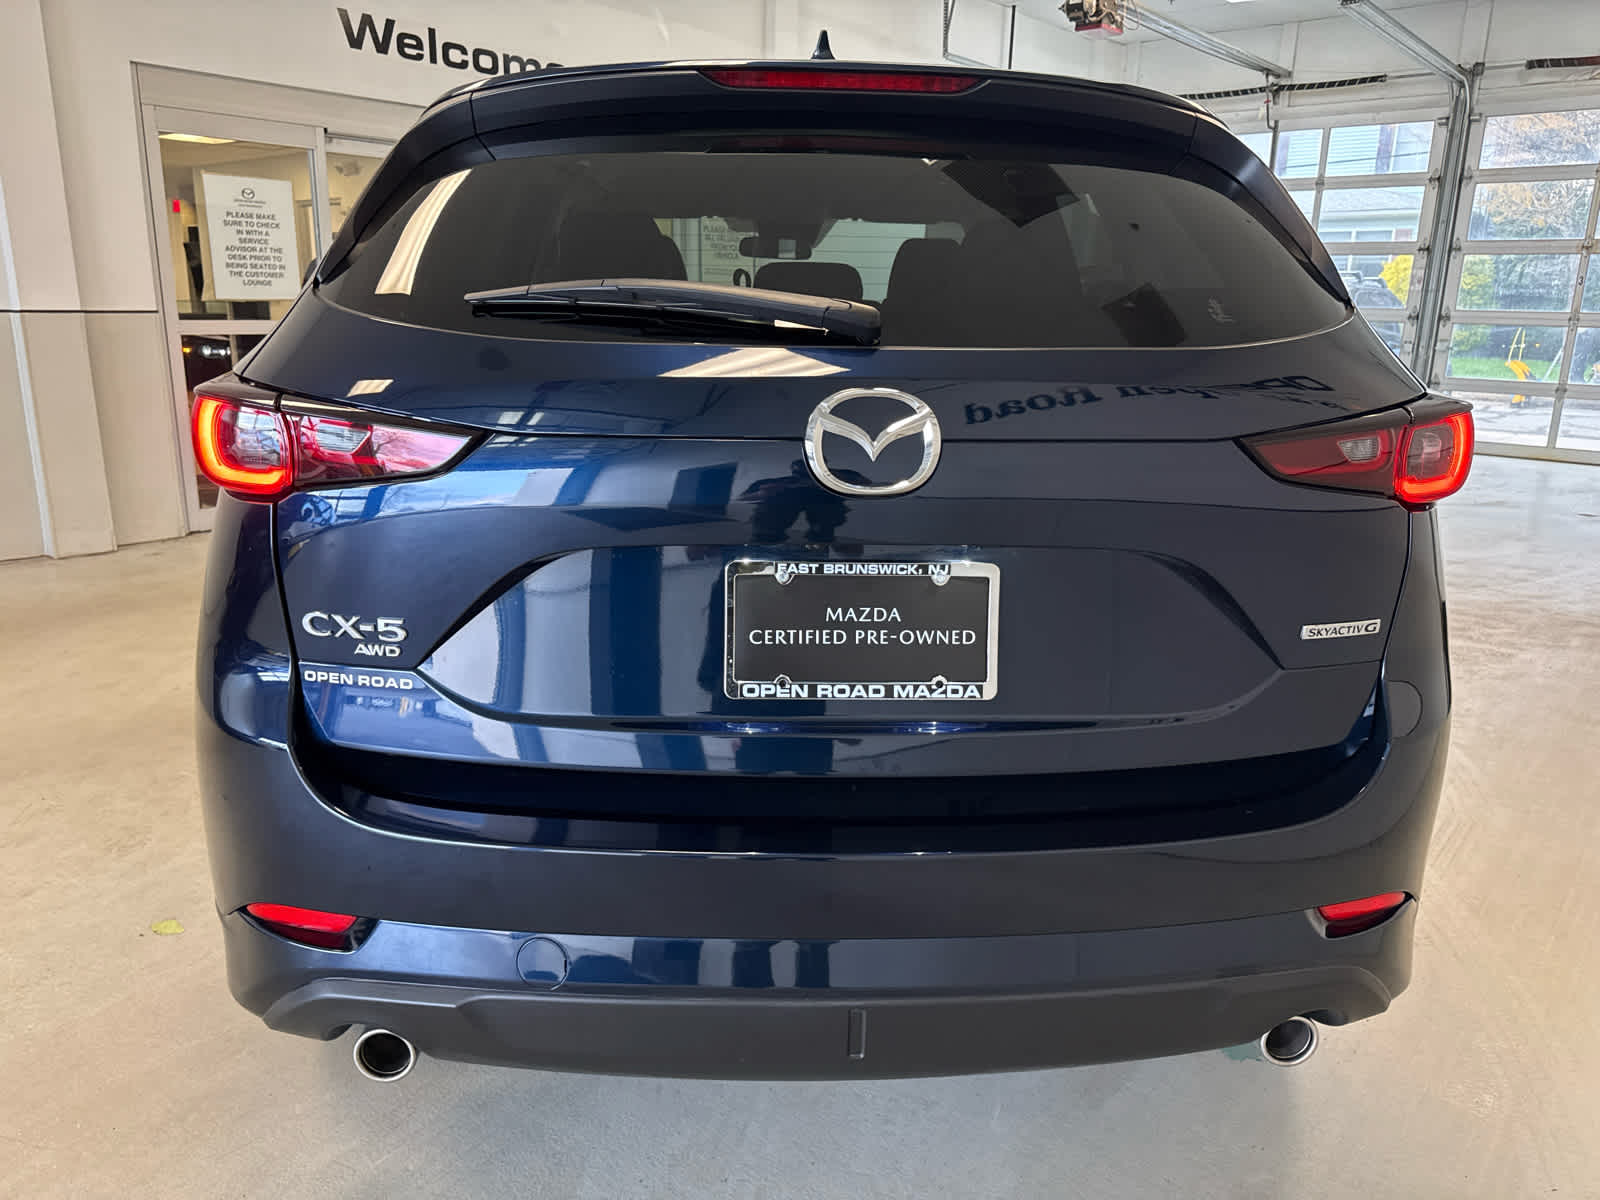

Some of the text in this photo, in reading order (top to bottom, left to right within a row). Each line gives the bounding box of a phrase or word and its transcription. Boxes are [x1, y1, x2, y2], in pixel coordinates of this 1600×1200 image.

[225, 262, 248, 270] BEING
[250, 263, 277, 271] SEATED
[242, 279, 272, 287] LOUNGE
[776, 563, 949, 577] EAST BRUNSWICK, NJ
[825, 607, 902, 622] MAZDA
[302, 611, 407, 642] CX-5
[749, 630, 976, 645] CERTIFIED PRE-OWNED
[354, 643, 401, 657] AWD
[304, 670, 413, 690] OPEN ROAD
[742, 684, 981, 698] OPEN ROAD MAZDA
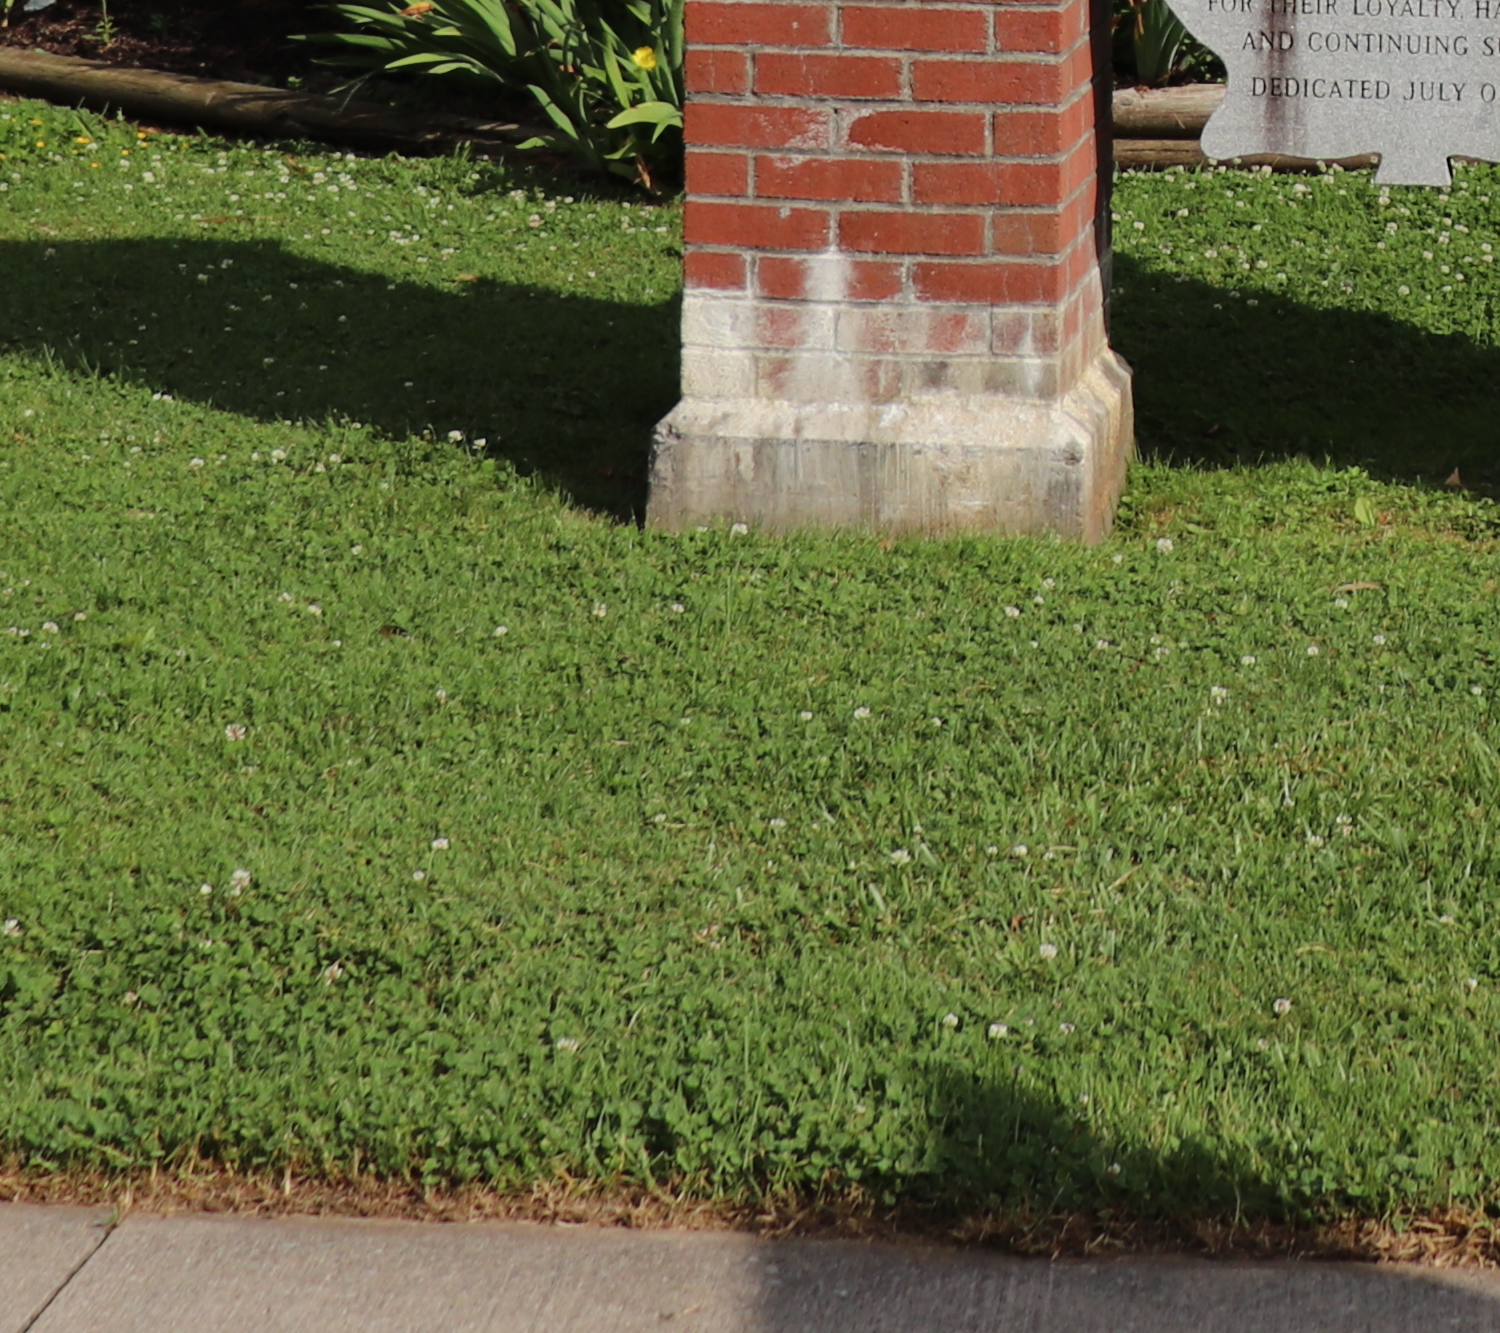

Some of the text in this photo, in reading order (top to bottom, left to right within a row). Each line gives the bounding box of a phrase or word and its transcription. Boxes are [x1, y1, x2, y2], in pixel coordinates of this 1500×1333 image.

[1241, 31, 1294, 52] AND
[1308, 32, 1468, 56] CONTINUING
[1252, 76, 1390, 101] DEDICATED
[1403, 81, 1465, 102] JULY
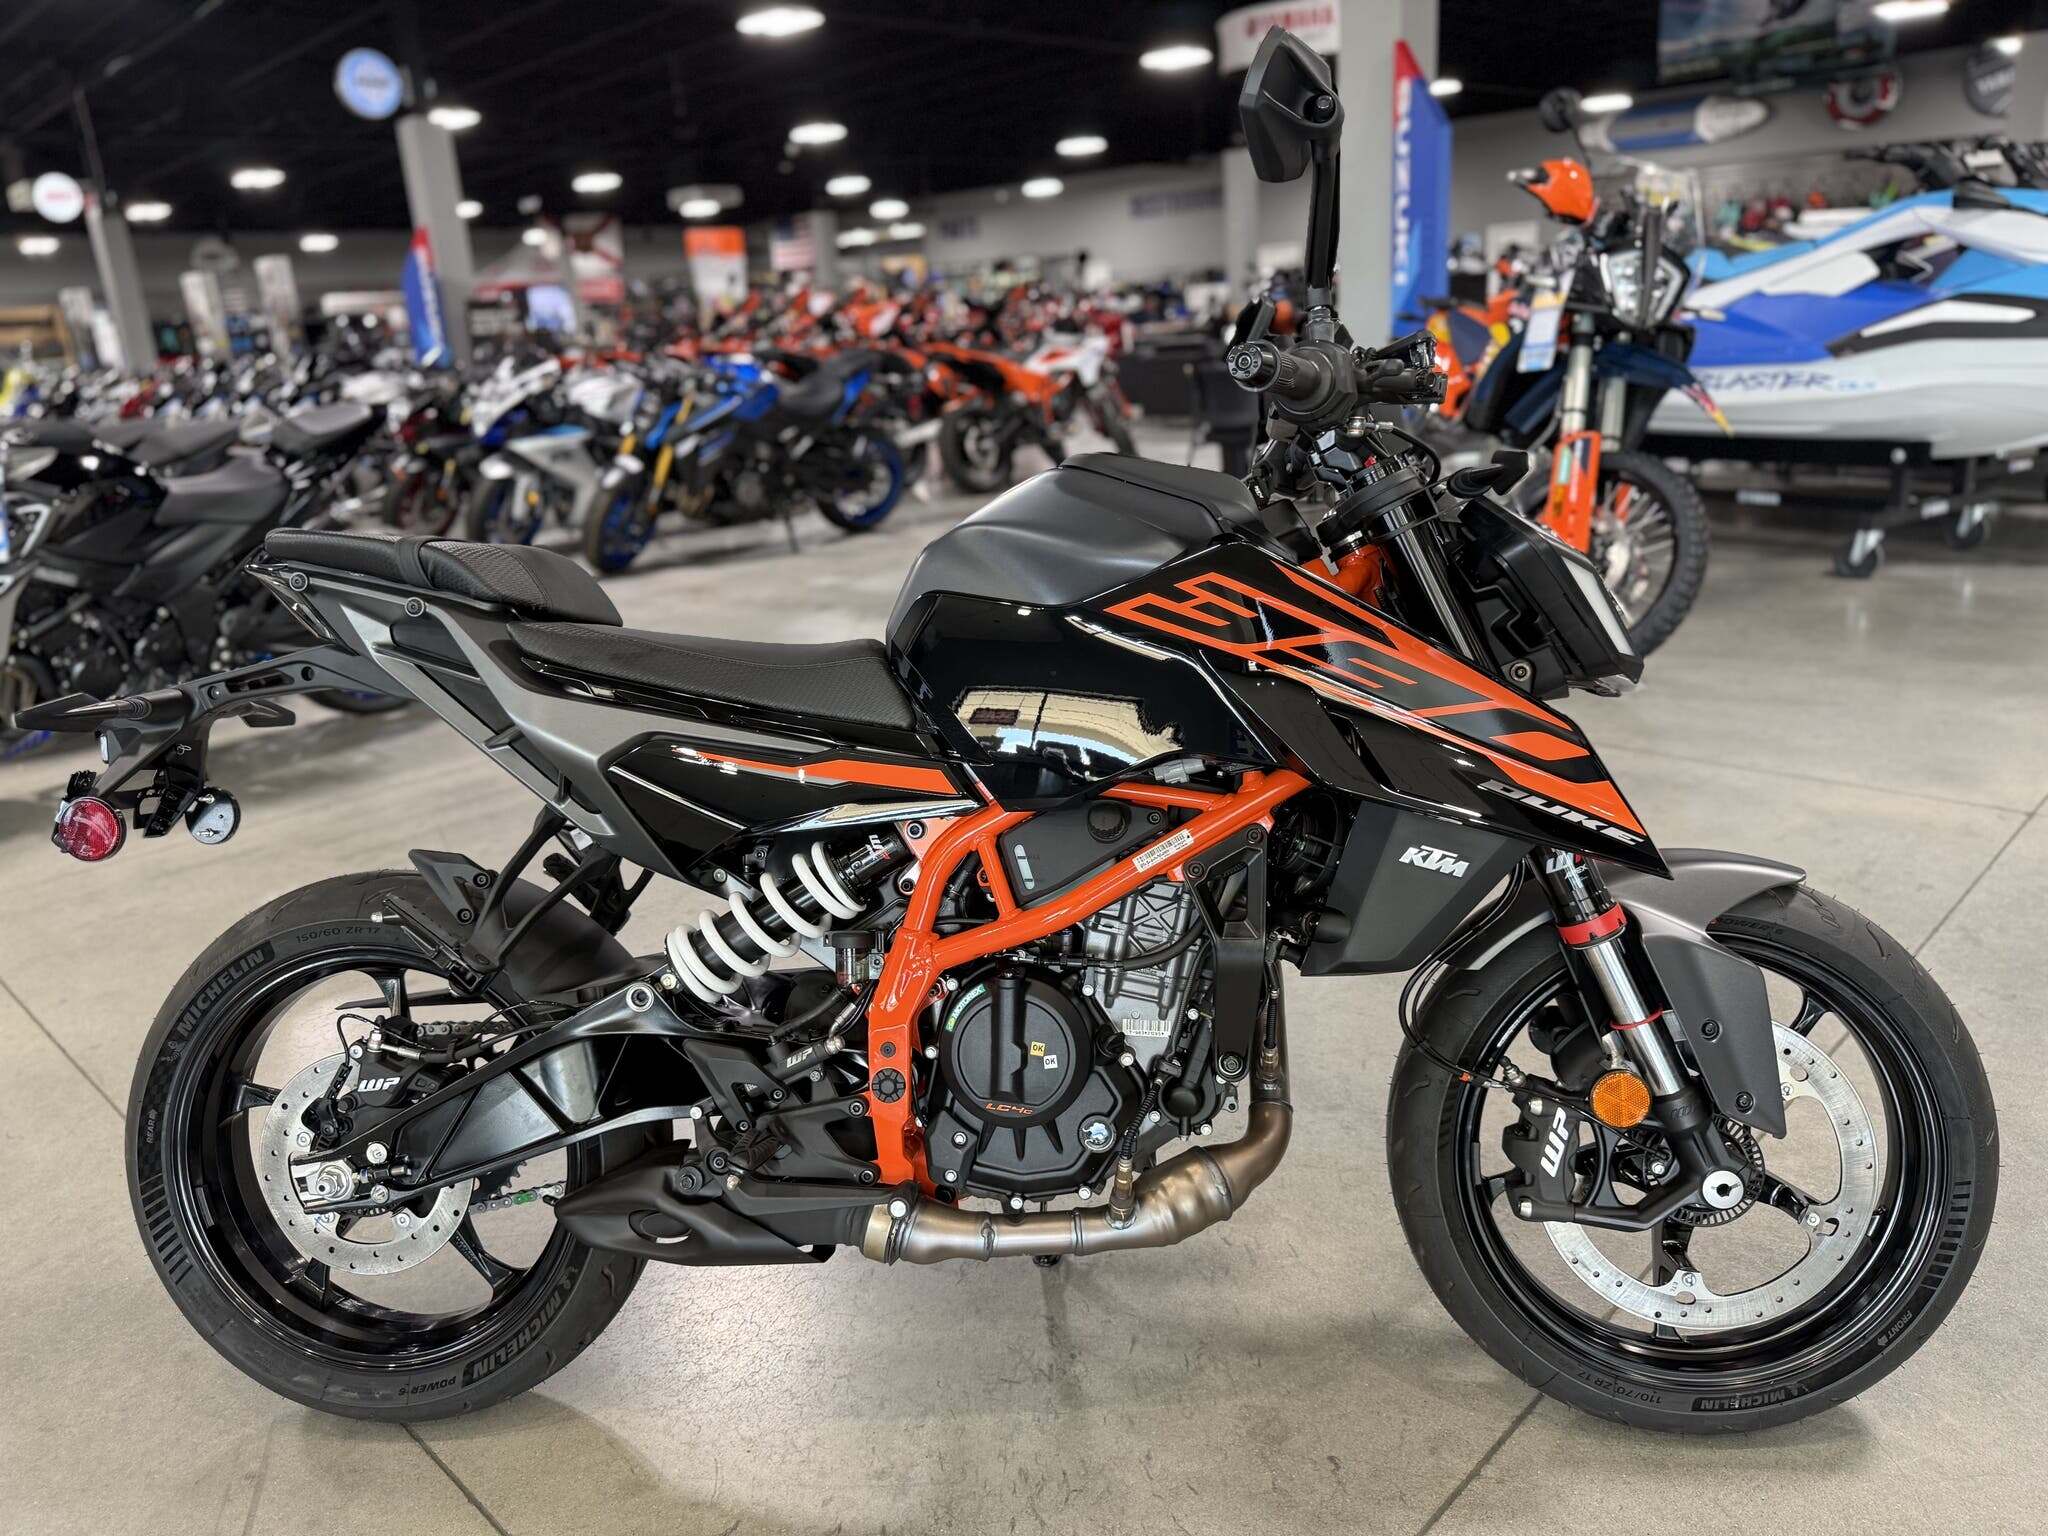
····················
◆ WHAT TO WORK ON:
Leaving out all pictures, print exactly the lines above from the one containing "this 1500×1333 image." through the last line of the entries.

◆ SOLVED PROBLEM:
Some of the text in this photo, in reading order (top to bottom, left to right within a row). Each line gives the bounding box of a phrase or word and its transcription. Boxes are [x1, y1, x2, y2], in pixel coordinates of this 1500×1333 image.

[1241, 31, 1294, 52] AND
[1308, 32, 1468, 56] CONTINUING
[1252, 76, 1390, 101] DEDICATED
[1403, 81, 1465, 102] JULY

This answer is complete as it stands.